Another prominent Indian traveler was Joseph, priest over Cranganore. He journeyed to Babylon in 1490 and then sailed to Europe and visited Portugal, Rome, and Venice before returning to India. He helped to write a book about his travels entitled The Travels of Joseph the Indian which was widely disseminated across Europe.

====Arrival of the Portuguese====

The introduction of Catholicism in India begins from the first decade of 1500, with the arrival of the Portuguese missionaries there. In the 16th century, the proselytization of Asia was linked to the Portuguese colonial policy. With the Papal bull Romanus Pontifex written on 8 January 1455 by Pope Nicholas V to King Afonso V of Portugal, the patronage for the propagation of the Christian faith (see "Padroado") in Asia was given to the Portuguese, who were rewarded with the right of conquest. The missionaries of the different orders (Franciscans, Dominicans, Jesuits, Augustinians, etc.) flocked out with the conquerors, and began at once to build churches along the coastal districts wherever the Portuguese power made itself felt.

The history of Portuguese missionaries in India starts with the neo-apostles who reached Kappad near Kozhikode on 20 May 1498 along with Vasco da Gama, which represented less than 2% of the total population and was the largest Christian church within India. He was seeking to form anti-Islamic alliances with pre-existing Christian nations. The lucrative spice trade attracted the Portuguese crown.

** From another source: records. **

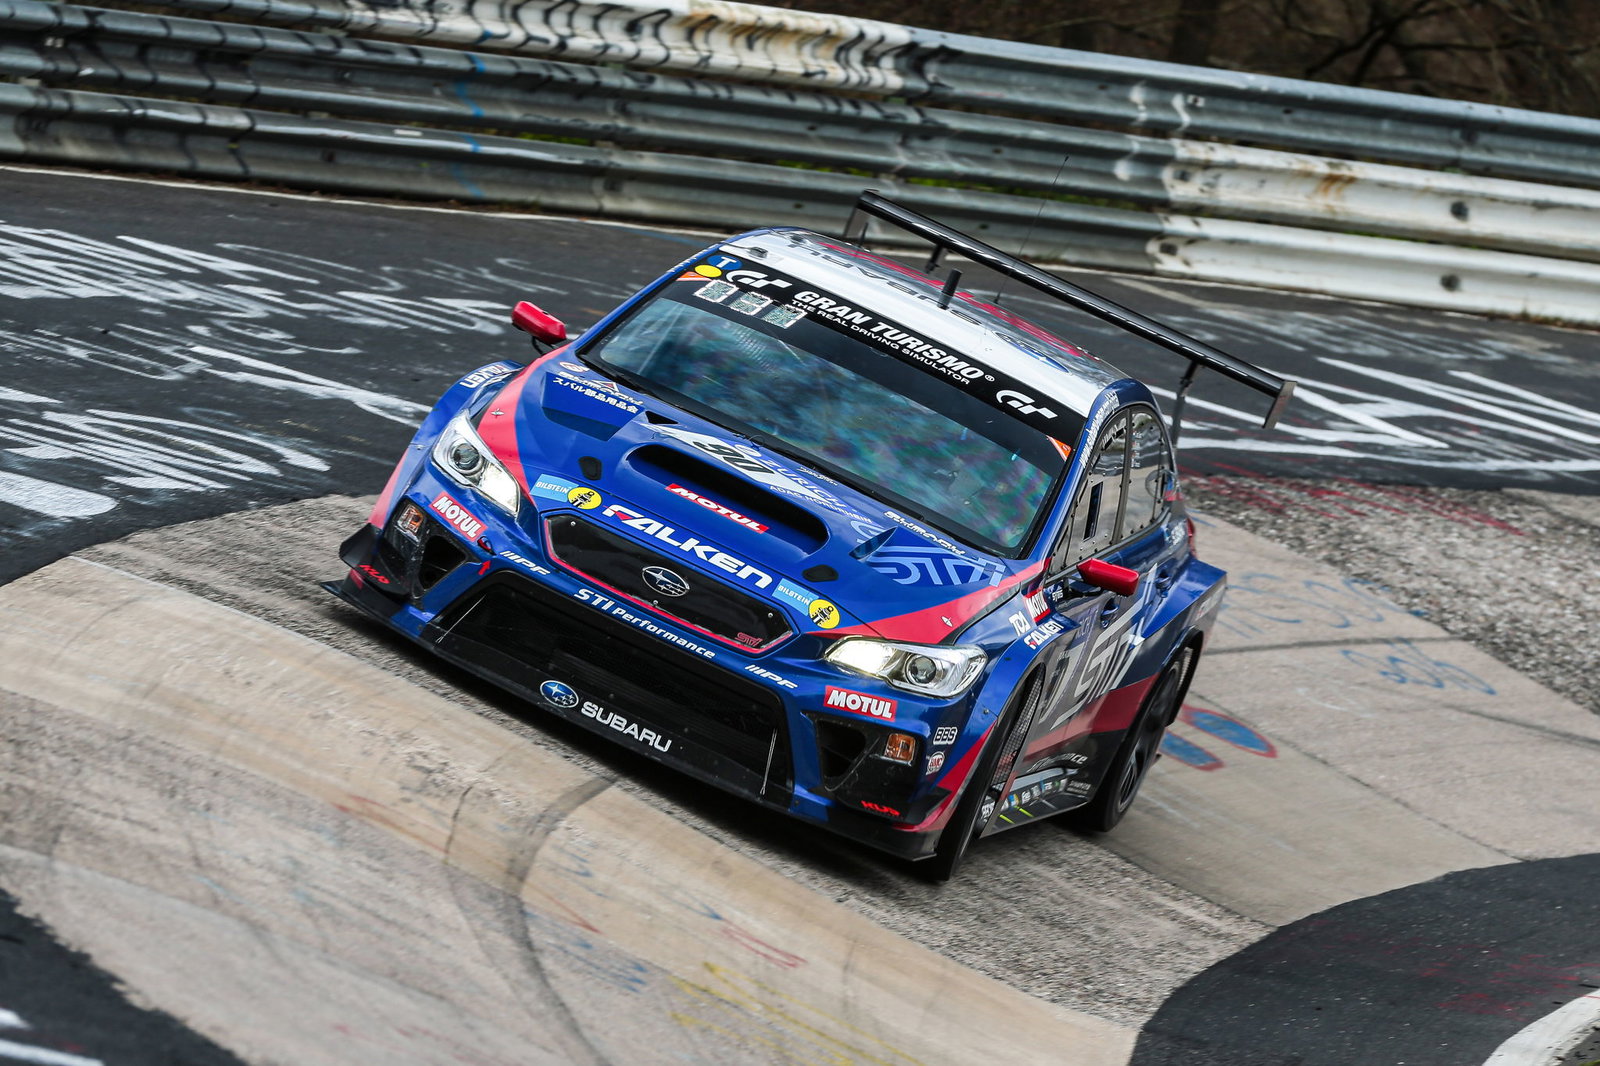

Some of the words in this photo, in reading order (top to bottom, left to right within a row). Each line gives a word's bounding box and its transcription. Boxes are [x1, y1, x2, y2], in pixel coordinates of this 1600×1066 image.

[716, 256, 737, 268] T
[793, 291, 872, 326] GRAN
[791, 299, 817, 313] THE
[817, 308, 849, 328] REAL
[851, 322, 900, 351] DRIVING
[902, 347, 971, 385] SIMULATOR
[535, 480, 571, 495] BILSTEIN
[760, 457, 848, 507] ZURICH
[769, 485, 803, 500] ADAC
[432, 495, 483, 538] MOTUL
[670, 486, 764, 532] MOTUL
[601, 504, 773, 590] FALKEN
[776, 583, 811, 607] BILSTEIN
[573, 587, 613, 611] STI
[612, 606, 715, 659] Performance
[1024, 620, 1064, 650] FALKEN
[826, 690, 894, 719] MOTUL
[580, 700, 673, 753] SUBARU
[933, 726, 958, 745] BBS

During the second expedition under Captain Pedro Álvares Cabral, the Portuguese fleet consisted of 13 ships and 18 priests anchored at Cochin on 26 November 1500. Cabral soon won the goodwill of the Raja of Cochin who allowed four priests to do apostolic work among the early Christian communities scattered in and around Cochin. Thus missionaries established a Portuguese mission in 1500. Dom Francisco de Almeida, the first Portuguese Viceroy, got permission from the Kochi Raja to build two church edifices – Santa Cruz Basilica (1505) and St. Francis Church (1506) using stones and mortar which were unheard of at that time, as local prejudices were against such a structure except for a royal palace or a temple.

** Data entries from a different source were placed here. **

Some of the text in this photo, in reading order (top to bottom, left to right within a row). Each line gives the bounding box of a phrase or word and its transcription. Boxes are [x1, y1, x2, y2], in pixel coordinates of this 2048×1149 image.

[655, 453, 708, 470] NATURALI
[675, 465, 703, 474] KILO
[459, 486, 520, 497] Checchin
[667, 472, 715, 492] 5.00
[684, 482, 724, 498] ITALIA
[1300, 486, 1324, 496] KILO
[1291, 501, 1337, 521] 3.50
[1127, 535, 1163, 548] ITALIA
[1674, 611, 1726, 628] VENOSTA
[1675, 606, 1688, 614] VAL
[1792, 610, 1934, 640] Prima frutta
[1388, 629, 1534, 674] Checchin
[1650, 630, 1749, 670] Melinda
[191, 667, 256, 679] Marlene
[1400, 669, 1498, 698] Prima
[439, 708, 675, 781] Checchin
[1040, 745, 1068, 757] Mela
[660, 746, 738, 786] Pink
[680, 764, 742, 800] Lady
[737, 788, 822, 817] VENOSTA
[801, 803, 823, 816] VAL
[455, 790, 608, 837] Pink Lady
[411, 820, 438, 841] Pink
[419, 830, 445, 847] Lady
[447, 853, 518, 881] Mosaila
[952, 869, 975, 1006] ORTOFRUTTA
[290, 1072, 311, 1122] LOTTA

In the beginning of the 16th century, the whole of the East was under the jurisdiction of the Archdiocese of Lisbon. On 12 June 1514, Cochin and Goa became two prominent mission stations under the newly created Diocese of Funchal in Madeira, in the Atlantic. In 1534 Pope Paul III by the Bull Quequem Reputamus raised Funchal to an archdiocese with Goa as its suffragan, placing the whole of India under the diocese of Goa. This created an episcopal see – suffragan to Funchal, with a jurisdiction extending potentially over all past and future conquests from the Cape of Good Hope to China.

The first converts to Christianity in Goa were native Goan women who married Portuguese men that arrived with Afonso de Albuquerque during the Portuguese conquest of Goa in 1510.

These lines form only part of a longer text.